Another example: my sister here in Massachusetts does a lot of social work through her church, particularly helping low-income families and seniors. And they (the charitable) are panicking because they don’t know how they’re going to help keep folks alive this winter with heating fuel costs projected to rise an extra $500 per household this winter.
So you can see what the goal is of the GOP. Deny that Bush had any role in the mess. Deny that McCain-style deregulation bears any responsibility, too. Pit the middle class against the poorest so when the appeals for aid come, they’ll fall on deaf ears. To hold onto what dwindling power they have, they’re willing to accept hungry, frozen and dead Americans. After all, the poor caused their own woes so they’ll have to bear that cost.
Another example of what the Pro-Life Party really stands for…
The Democratic Party is not without fault, too. In the same quest for electoral victory, they’re willing to promote the either-or meme that labels the GOP as the sole proprietor of this mess. In fact, though it’s true that the GOP bears the greater responsibility, the Dems have made a few major mistakes that added to the fiasco. Like Bill Clinton signing on to the repeal of the Glass-Steagall Act and the many Dems who’ve bent over backwards to kiss the asses of Big Business to boost their election chances.
What underlies everything - the gorilla wreaking havoc with the global marketplace - is the record amount of debt we accrue, as individuals, as businesses and within our governments. The nations that will fare best for the next two years are those with policies and incentives to promote savings instead of taking on more debt. Japan does that. Our country doesn’t. Our government taxes our interest on simple savings accounts, a disincentive that encourages endless buying till there’s nothing left to buy with. And as the WSJ article points out, home valuations at the peak of the bubble won’t be making a return appearance for a decade (my research of past housing bubbles say 10 to 12 years is common, so though the market will turn uphill around 2011-2012, full restoration won’t occur till 2016-1018.)
In the long run, adding incentives to save is the biggest reform to hope for. Regulation is also necessary, along with greater disincentives to limit the advance of murky financial reports in business. Taxing the wealthy to re-establish a functionally progressive taxation system will be necessary and ending the barn-door sized they now utilize.

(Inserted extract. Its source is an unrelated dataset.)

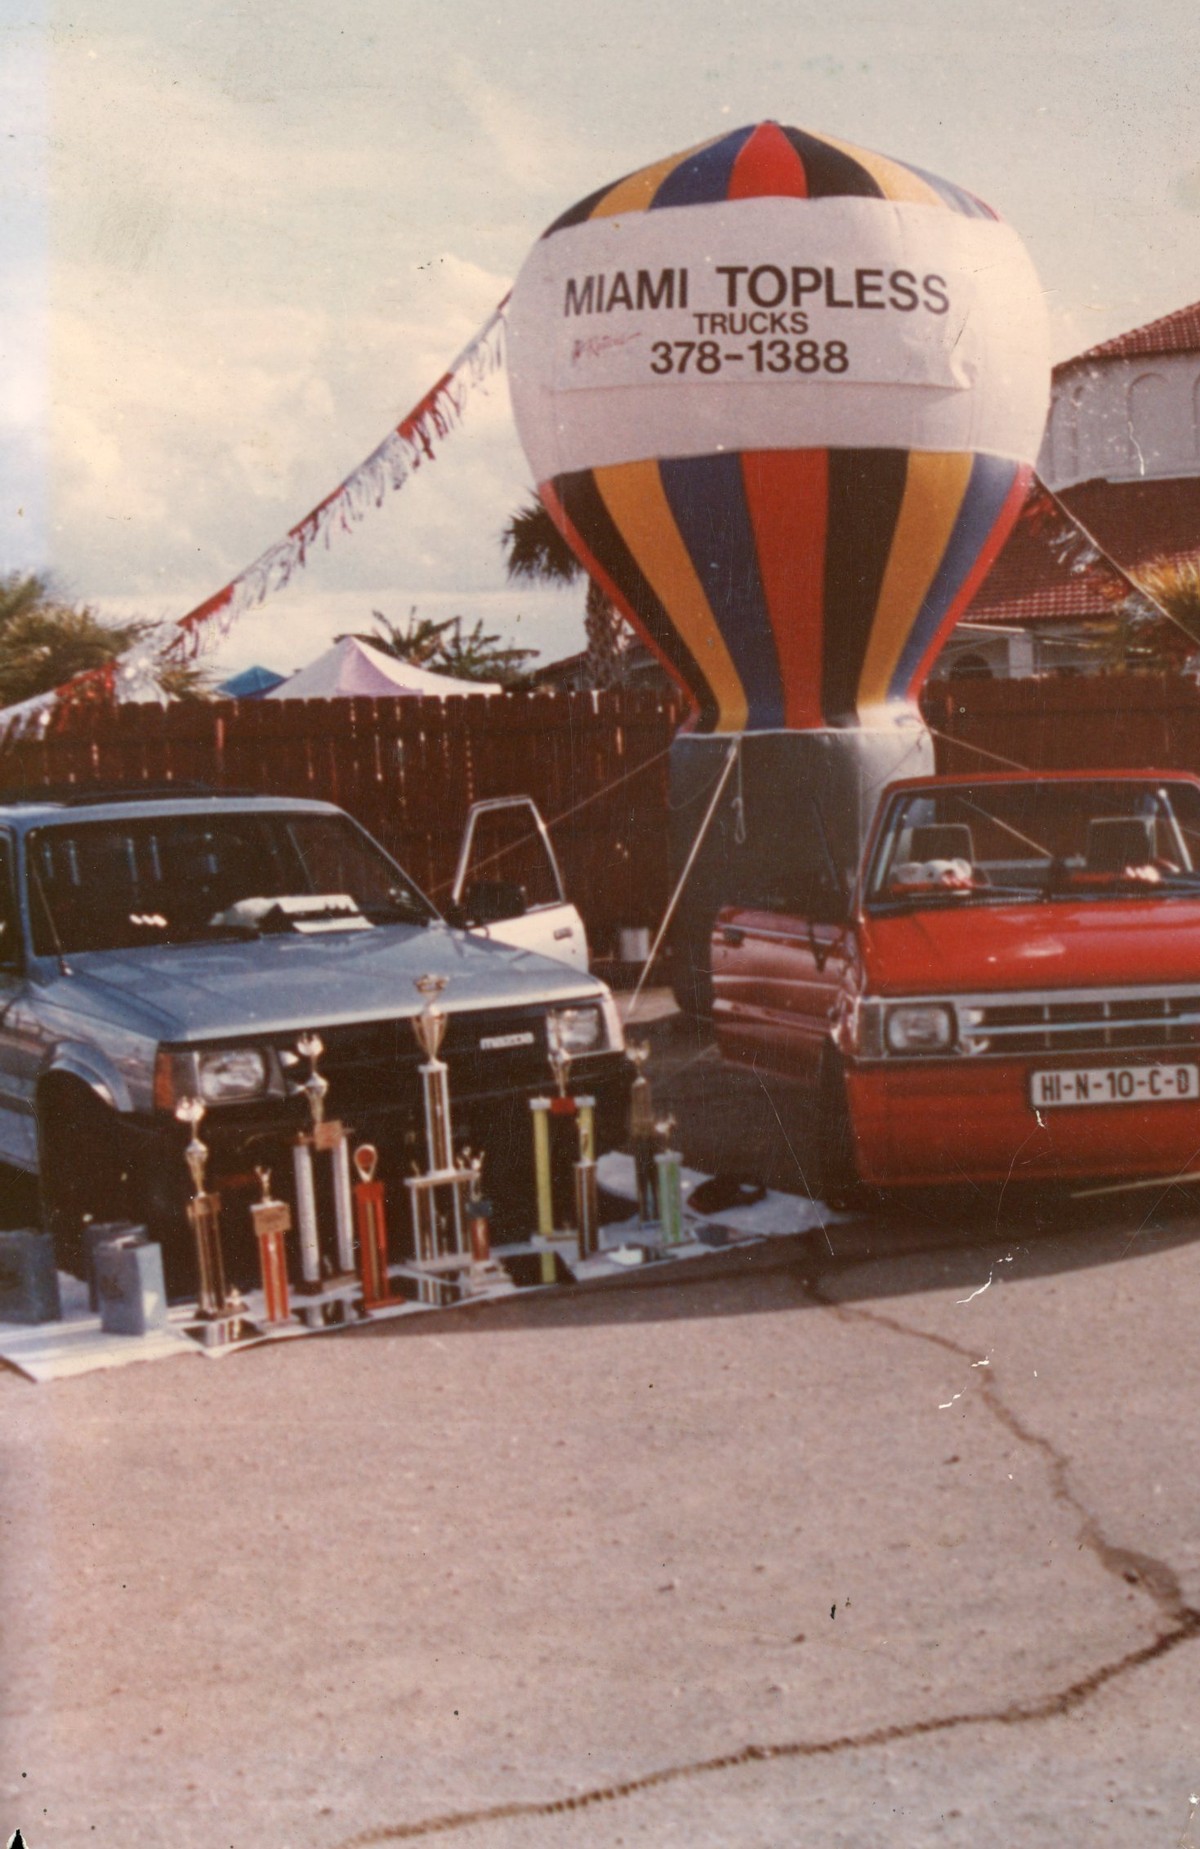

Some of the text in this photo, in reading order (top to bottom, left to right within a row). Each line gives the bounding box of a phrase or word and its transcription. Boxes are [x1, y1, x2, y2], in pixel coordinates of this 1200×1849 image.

Electing Obama is a given, while adding more Dems to Congress. It’s also a given that both outcomes will occur 4 weeks from now. But the fundamental longterm changes necessary to both get us through the next two years and to protect us from repeats in the future are not even being mentioned by anyone that I can discern: provide major incentives to save at every level and lend a hand to the poor in the interim.
If we don’t do both, people will die. And the biggest culprits won’t be in the obits. They’ll be the people still finding a way to profit from the dead and suffering.
Deal with that reality as humanely as you can or the tears you shed and the cures you promote will be met with skepticism by those who can still smell the difference between an ass and an economist.
End the Surge in the War on the Poor. Or be a part of the problem. The choice is yours. Bank on it.



October 8th, 2008 at 1:16 pm
Whomever wins is going to inherit a helluva mess. I just hope solutions that work will be adopted. But I still expect a two to three year long recession, at minimum. Maybe longer.
October 8th, 2008 at 1:32 pm
Happy to hear you arrived safely in Massachusetts, Kevin! You are now officially a Bi-Coastal Elitist.
October 8th, 2008 at 1:43 pm
You mean I can’t be hetero-coastal or homo-coastal?
At least I can be content knowing that my marriage to anyone is impermissible. Now I hope the corollary - irresponsible, wanton sex - will follow through.
October 8th, 2008 at 5:48 pm
The Government may have lost the War on Drugs, botched the War on Terror, but they won the War on Savings!